09/13/13 Valley News - Troy Patterson: "Reading Bleeding Edge, tearing up at the beauty of its sadness or the punches of its hilarity, you may realize it as the 9/11 novel you never knew you needed. Who else but Pynchon can indict the sins of power while giving the sinner noogies of love? Who else could invent, as the name for a Queens strip club, Joie de Beavre? Who you gonna call when a screaming comes across the sky?" Entire review »
09/12/13 The Los Angeles Times - Carolyn Kellogg: "But with "Bleeding Edge," Pynchon is drawing new attention to himself. Long a Manhattan resident who, according to the cognoscenti, walked his daughter to school and otherwise lived a quiet but not hermetic life there, Pynchon has set this novel in his own territory. It is full of lived-in details of pizza parlors and bars and delis and where to get a turkey for Thanksgiving that could serve almost as a road map to the author himself. In this way, the book is an unexpected coming together: He has brought his fictions into the (almost) present day, into what appears to be very close to his own stamping grounds. It's as if with "Bleeding Edge" Pynchon is ready to acknowledge that he lives in this world with the rest of us." Entire review »
09/12/13 The New York Times - Jonathan Lethem: "Despite the lack of personal information supplied about the author, it’s plain, from the sweep and chortle of his sentences, from the irascible outbreaks of horniness, from the pinpoint rage at popular hypocrisy and cant, that young Pynchon is a writer of boundless promise, sure to give us a long shelf of entrancing and charismatic novels. I believe he has a masterpiece or three in him.

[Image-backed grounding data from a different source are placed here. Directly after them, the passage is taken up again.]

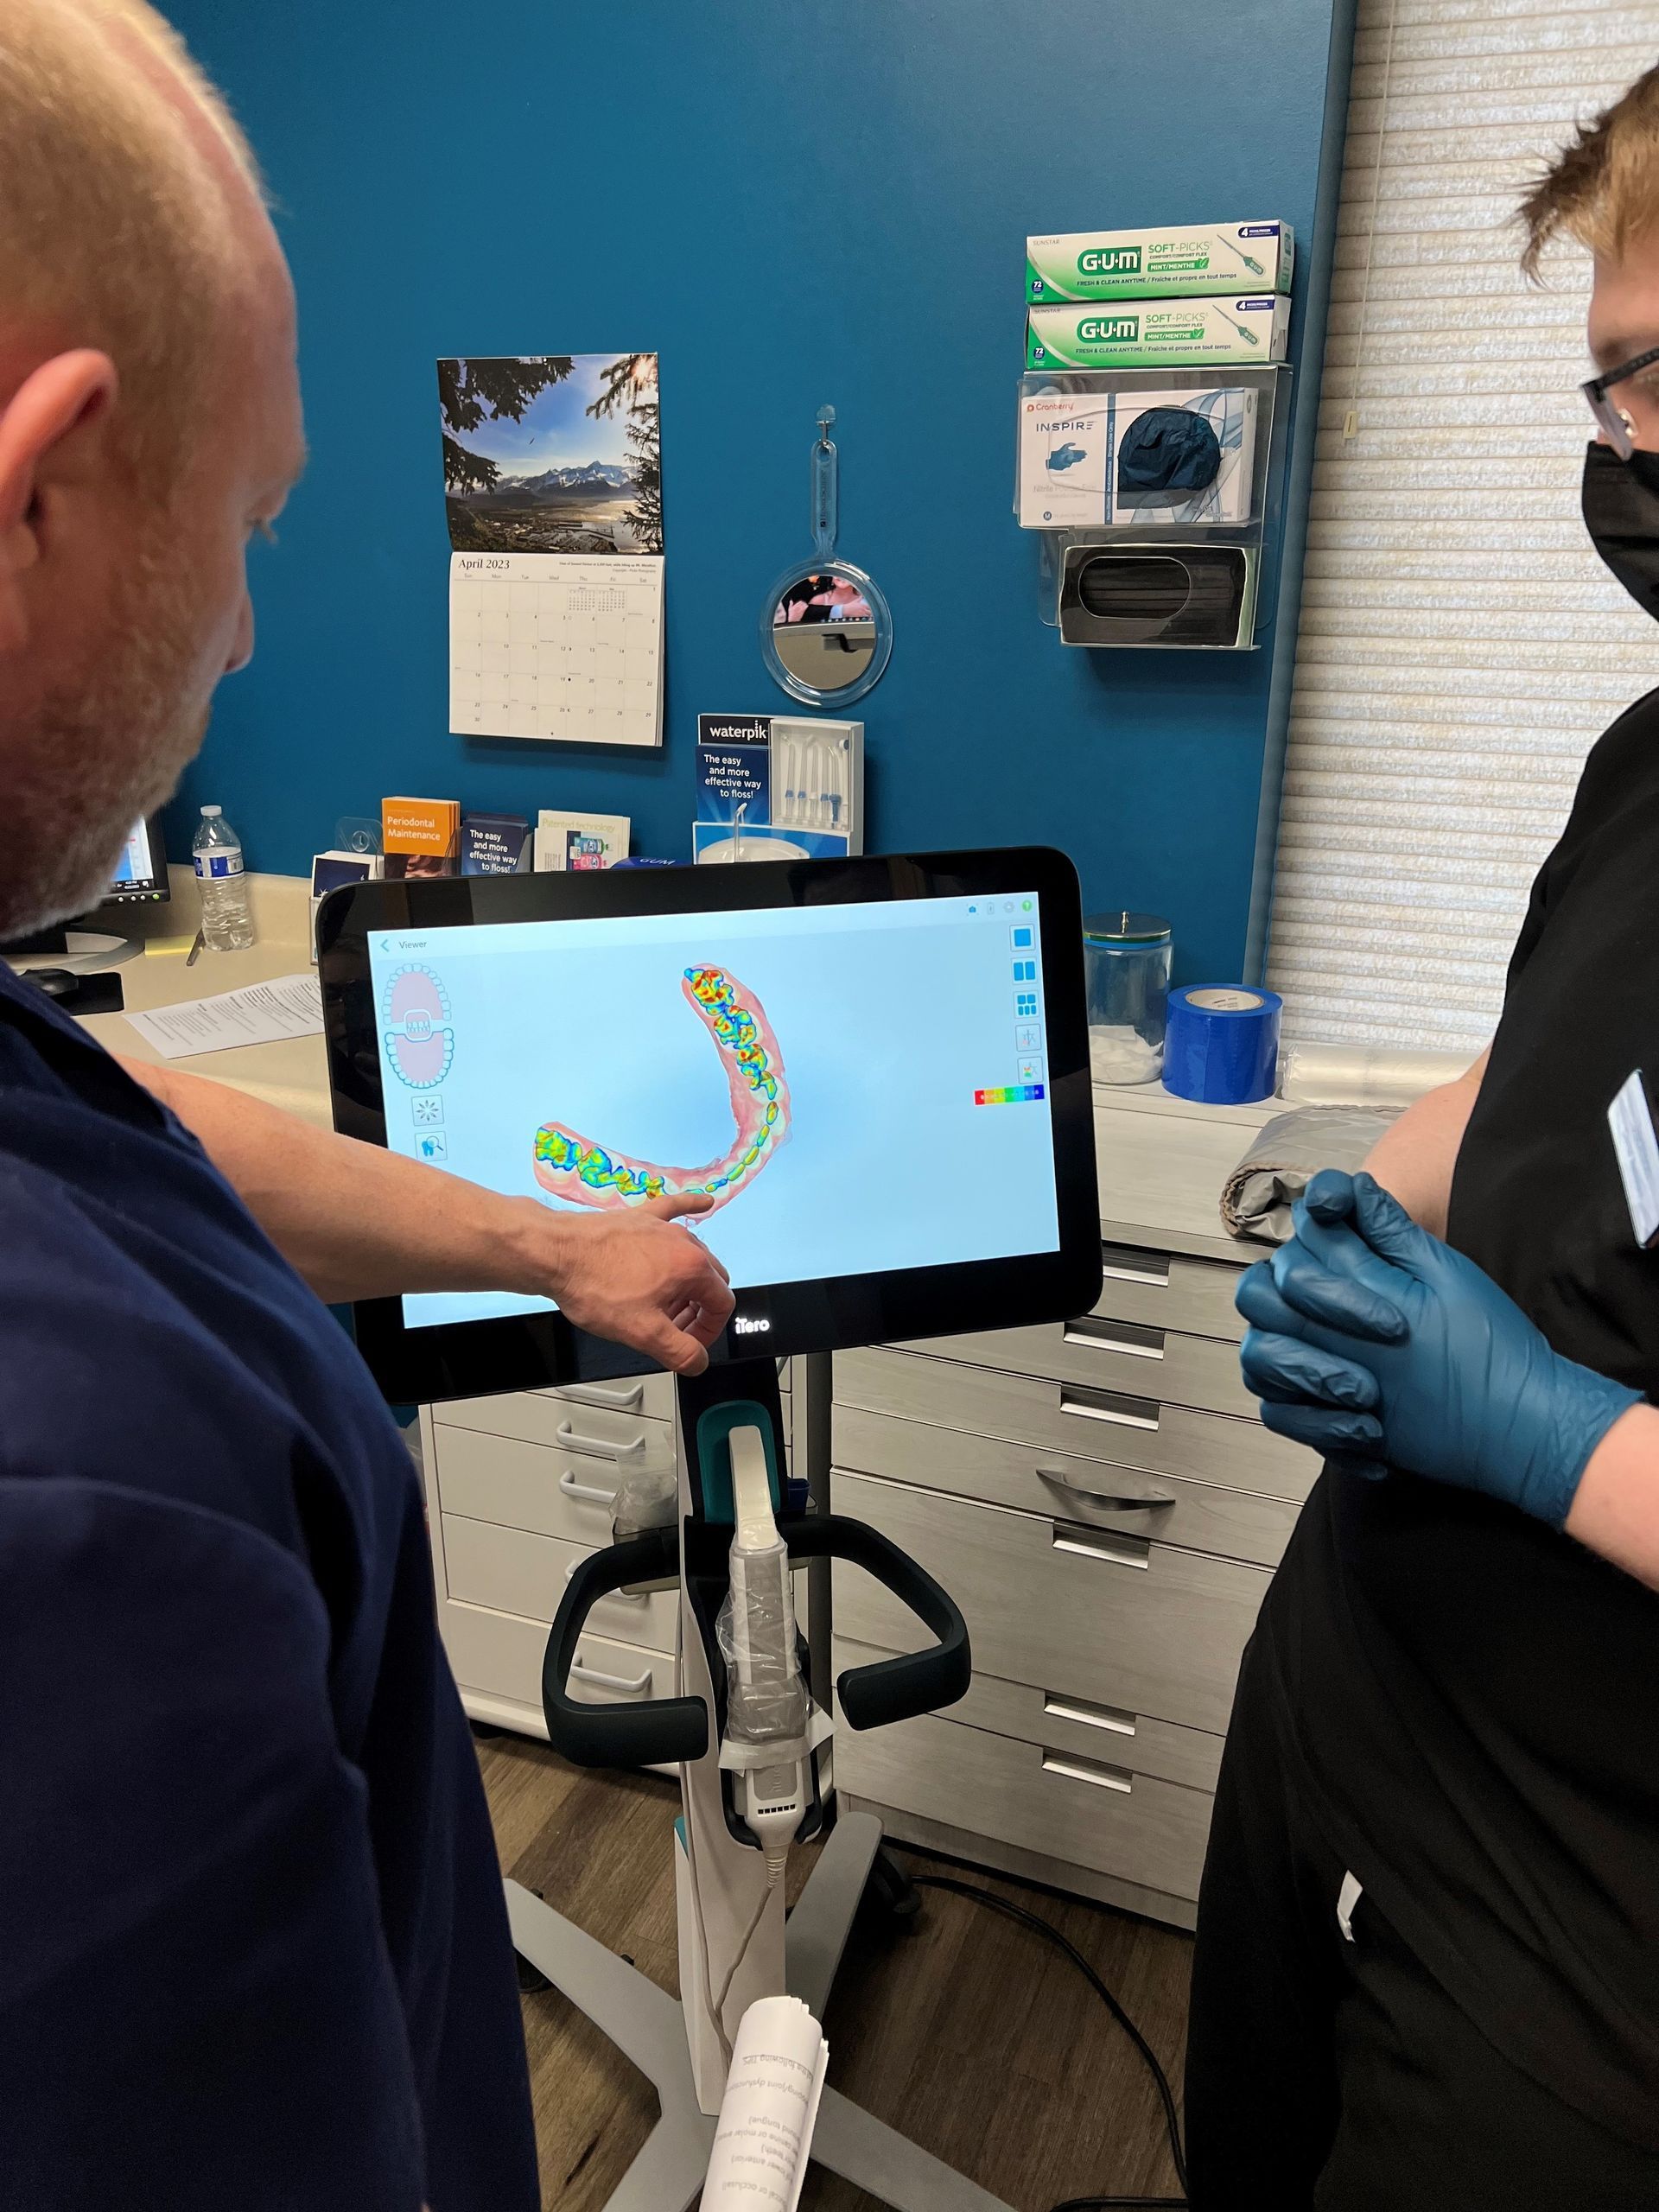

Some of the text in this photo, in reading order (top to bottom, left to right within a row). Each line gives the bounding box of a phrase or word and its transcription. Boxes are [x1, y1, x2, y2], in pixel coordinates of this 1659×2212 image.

[1241, 227, 1249, 237] 4
[1239, 301, 1246, 310] 4
[1036, 403, 1074, 412] Cranberry
[1036, 421, 1095, 432] INSPIRE
[458, 558, 511, 570] April 2023
[709, 721, 767, 741] waterpik
[703, 753, 741, 766] The easy
[709, 766, 750, 777] and more
[704, 777, 761, 791] effective way
[720, 789, 753, 799] to floss!
[387, 816, 435, 828] Periodontal
[543, 818, 616, 834] Patented technology
[387, 829, 441, 841] Maintenance
[469, 830, 501, 843] The easy
[474, 842, 508, 853] and more
[469, 851, 518, 866] effective way
[481, 861, 511, 874] to floss!
[398, 941, 427, 950] Viewer
[734, 1317, 770, 1335] iTero
[748, 2115, 780, 2130] tongue)
[734, 2130, 757, 2139] molar
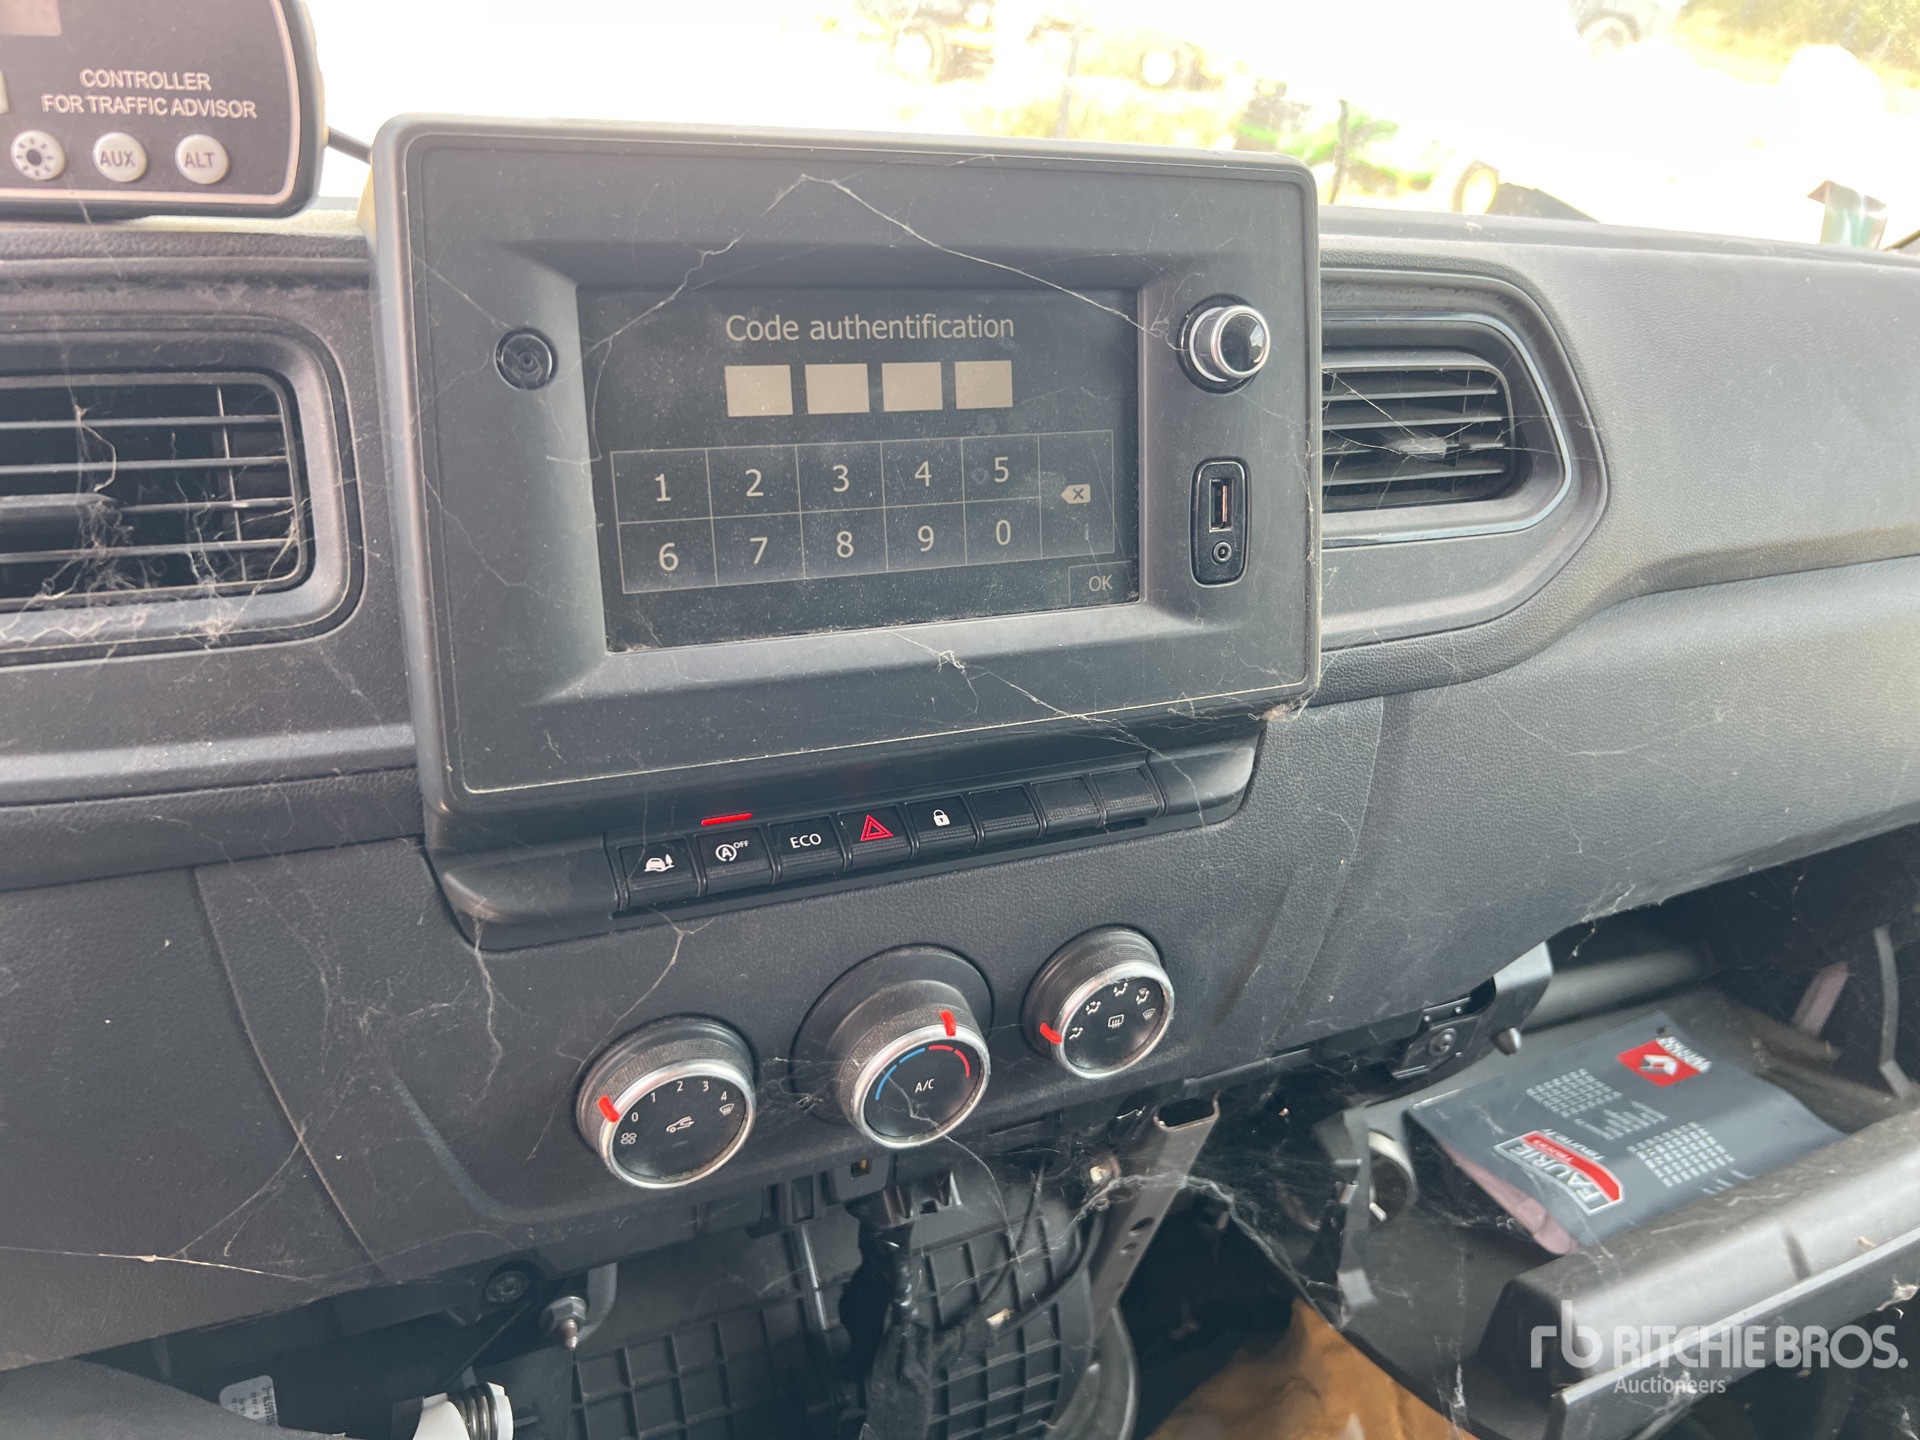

I look forward to seeing what he’ll do next." Entire review »
09/11/13 The New Republic - Adam Kirsch: "The best thing that can be said about Bleeding Edge is that Pynchon seems to recognize the unseriousness of his own mystery-making, and so doesn't insist on taking the novel's paranoia too seriously. All those comic names, all those puns and references, keep the tone playful and the pace quick. However odd it may seem, this is a September 11 novel that is light reading—a genre parody, genial and rambunctious. Its very portentousness is a kind of game, and so it remains safe, like Maxine Tarnow, even as it wanders down the darkest of alleys." Entire review »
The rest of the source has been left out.